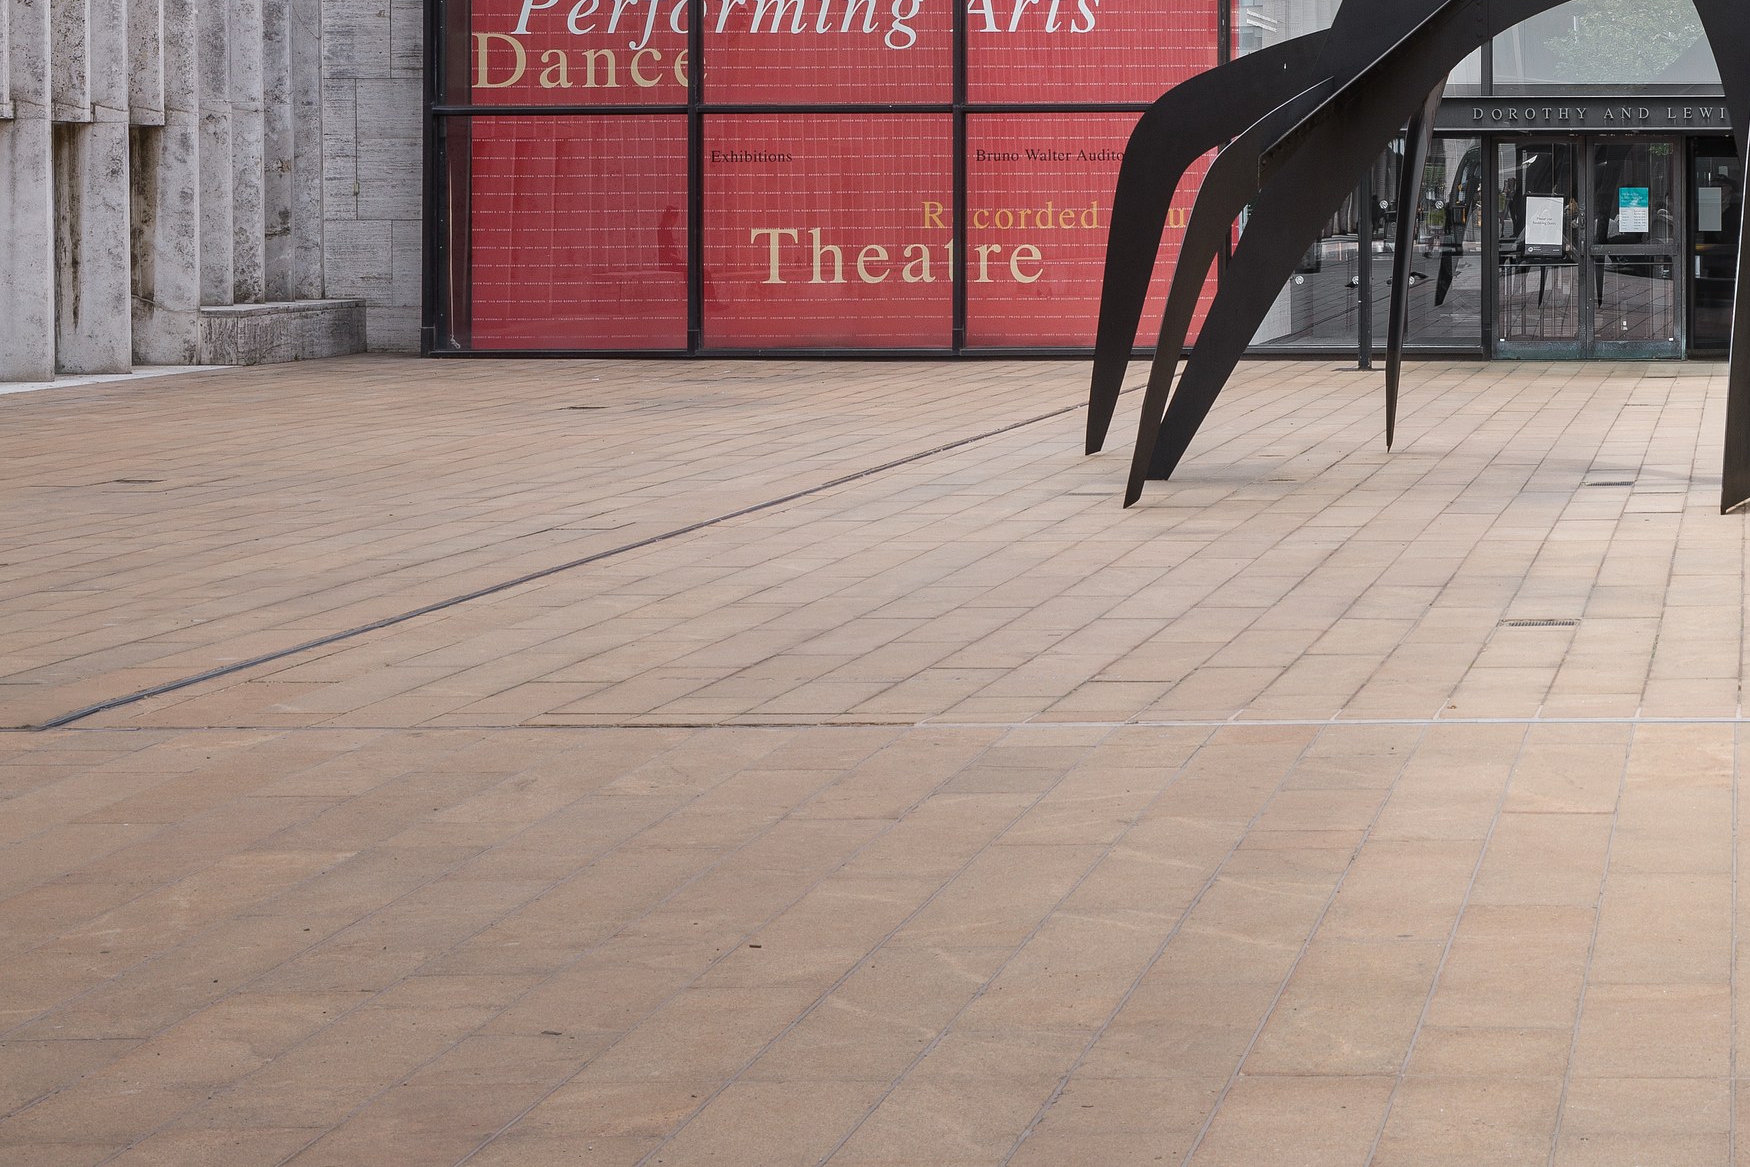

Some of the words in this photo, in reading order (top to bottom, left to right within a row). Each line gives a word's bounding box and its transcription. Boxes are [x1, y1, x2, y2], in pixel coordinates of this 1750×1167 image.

[472, 32, 708, 89] Dance
[1472, 106, 1587, 121] DOROTHY
[1603, 106, 1650, 120] AND
[1666, 106, 1726, 120] LEWI
[711, 149, 793, 163] Exhibitions
[976, 148, 1020, 162] Bruno
[1025, 148, 1072, 162] Walter
[1076, 148, 1125, 162] Audito
[922, 200, 1100, 230] Rcorded
[749, 225, 1045, 285] Theatre
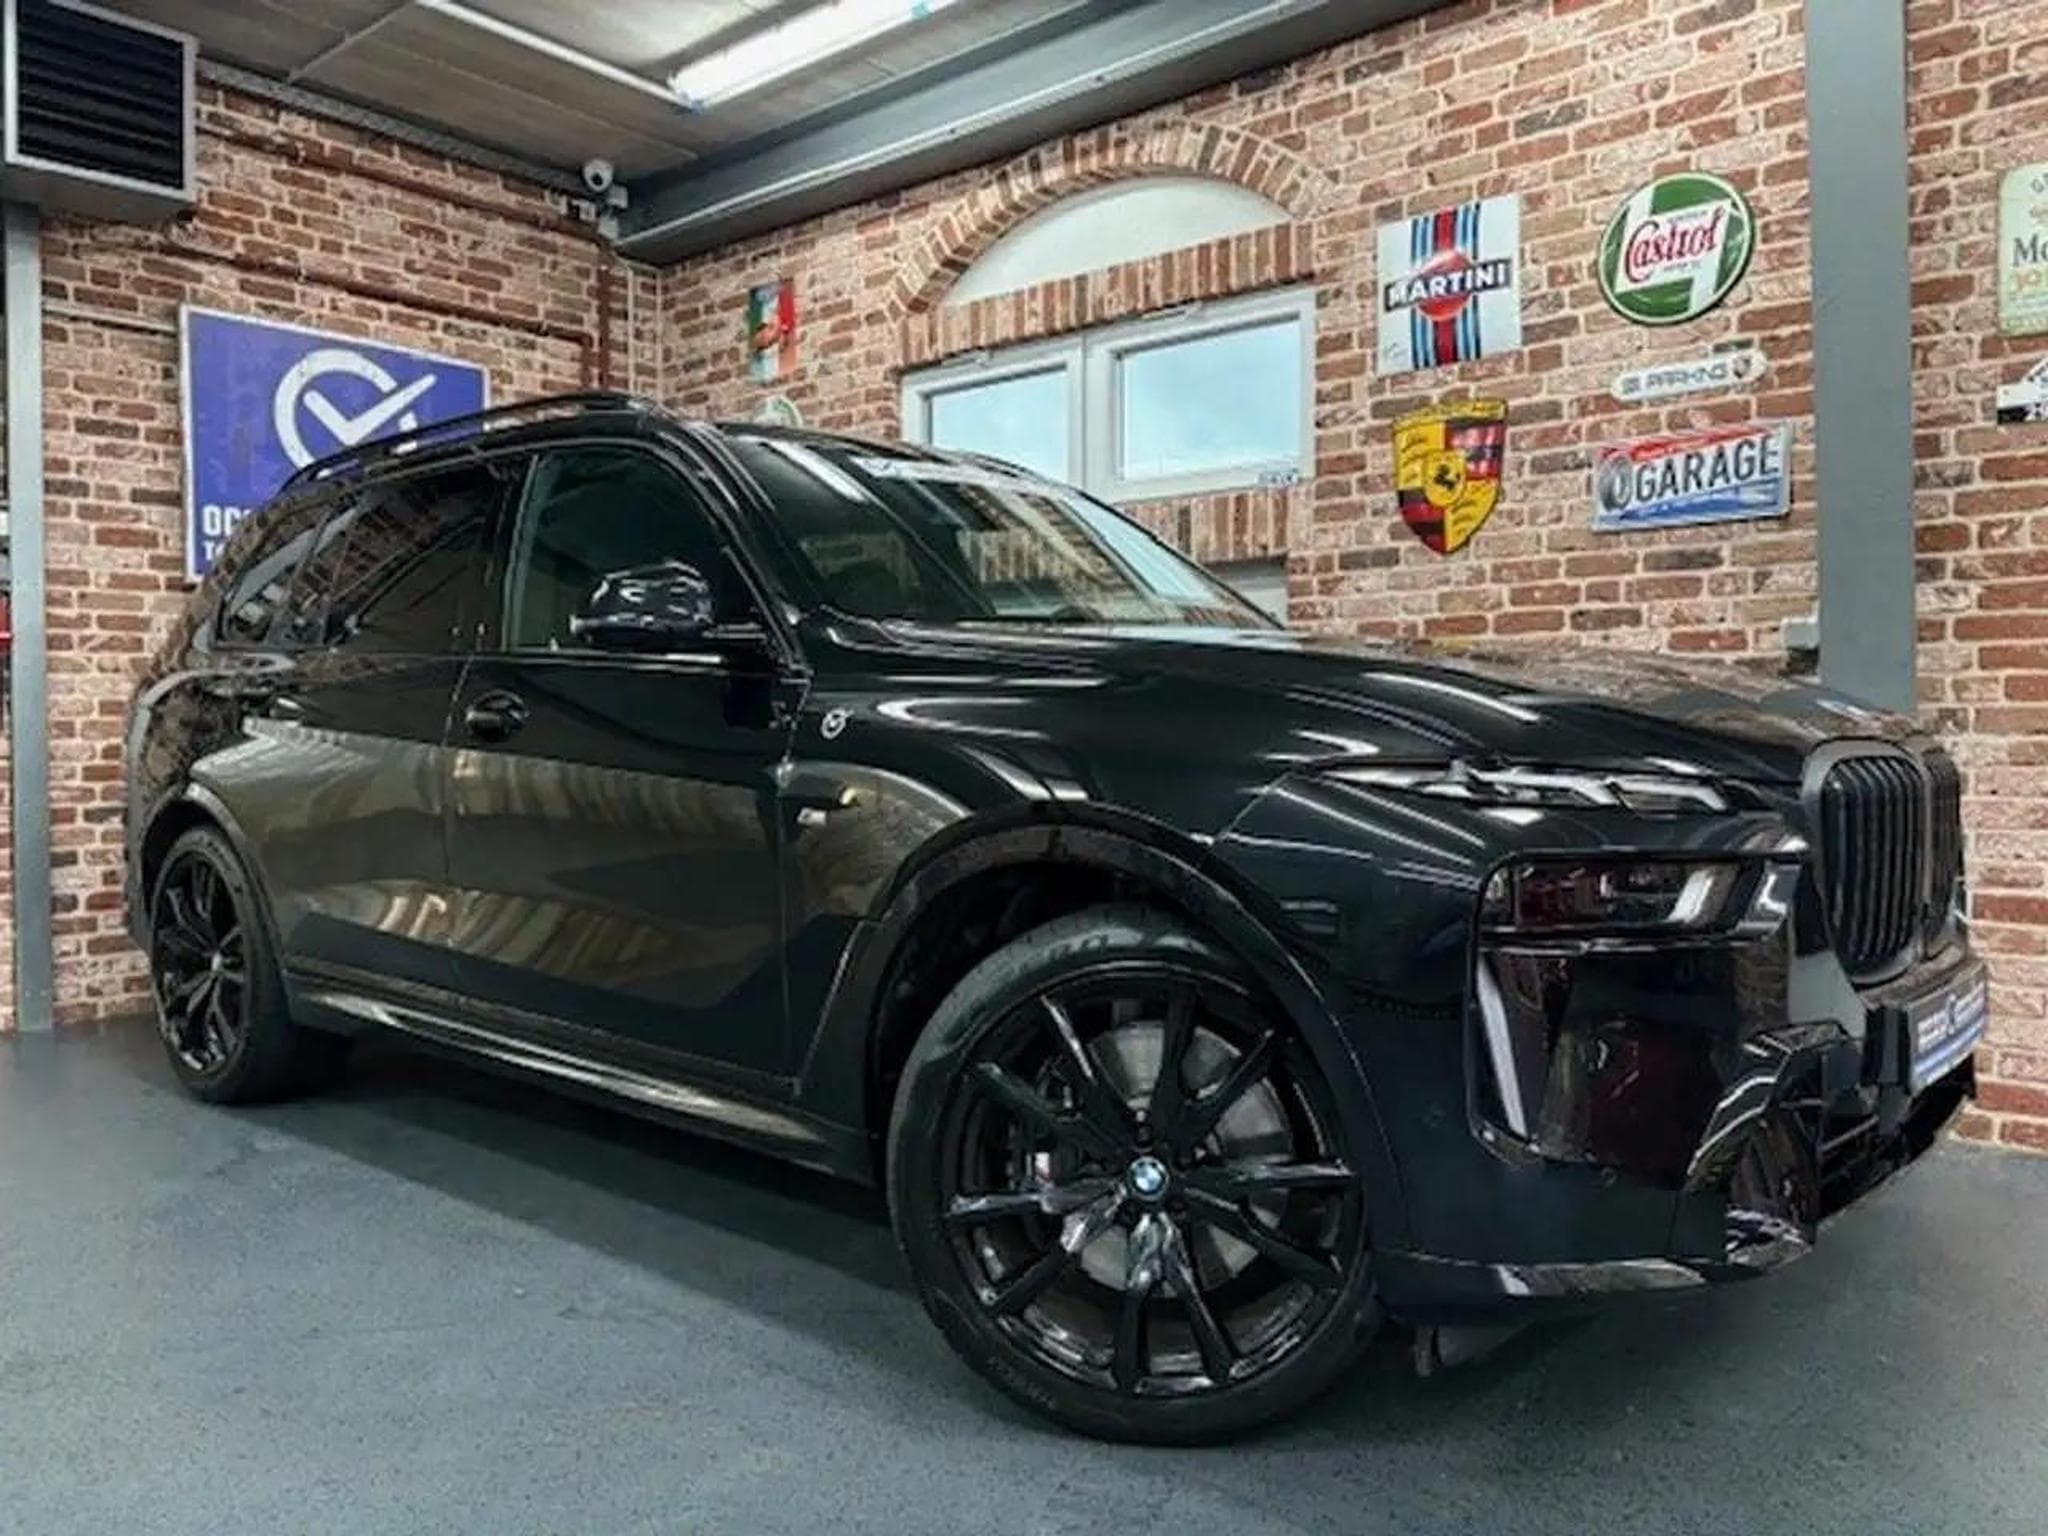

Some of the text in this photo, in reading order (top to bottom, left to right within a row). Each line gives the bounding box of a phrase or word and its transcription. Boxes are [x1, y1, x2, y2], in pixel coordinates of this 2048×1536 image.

[1625, 205, 1725, 283] Castrol
[1387, 262, 1507, 308] MARTINI
[1635, 433, 1779, 502] GARAGE

What is required
Your task is to reproduce exactly the lines that begin at the line containing "Some of the text" and end at the final line of the data above.

Response to this exercise
Some of the text in this photo, in reading order (top to bottom, left to right within a row). Each line gives the bounding box of a phrase or word and its transcription. Boxes are [x1, y1, x2, y2], in pixel coordinates of this 2048×1536 image.

[1625, 205, 1725, 283] Castrol
[1387, 262, 1507, 308] MARTINI
[1635, 433, 1779, 502] GARAGE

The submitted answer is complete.